Go through the records and give each one again exactly.

Start of Material shown

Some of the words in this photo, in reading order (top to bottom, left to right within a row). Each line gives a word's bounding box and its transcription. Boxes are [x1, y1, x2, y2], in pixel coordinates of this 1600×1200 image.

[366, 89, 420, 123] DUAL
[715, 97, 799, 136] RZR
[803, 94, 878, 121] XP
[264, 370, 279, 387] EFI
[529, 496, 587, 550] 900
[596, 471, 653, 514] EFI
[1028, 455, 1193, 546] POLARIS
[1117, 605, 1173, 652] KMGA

End of Material shown

Result of this exercise ::
Some of the words in this photo, in reading order (top to bottom, left to right within a row). Each line gives a word's bounding box and its transcription. Boxes are [x1, y1, x2, y2], in pixel coordinates of this 1600×1200 image.

[366, 89, 420, 123] DUAL
[715, 97, 799, 136] RZR
[803, 94, 878, 121] XP
[264, 370, 279, 387] EFI
[529, 496, 587, 550] 900
[596, 471, 653, 514] EFI
[1028, 455, 1193, 546] POLARIS
[1117, 605, 1173, 652] KMGA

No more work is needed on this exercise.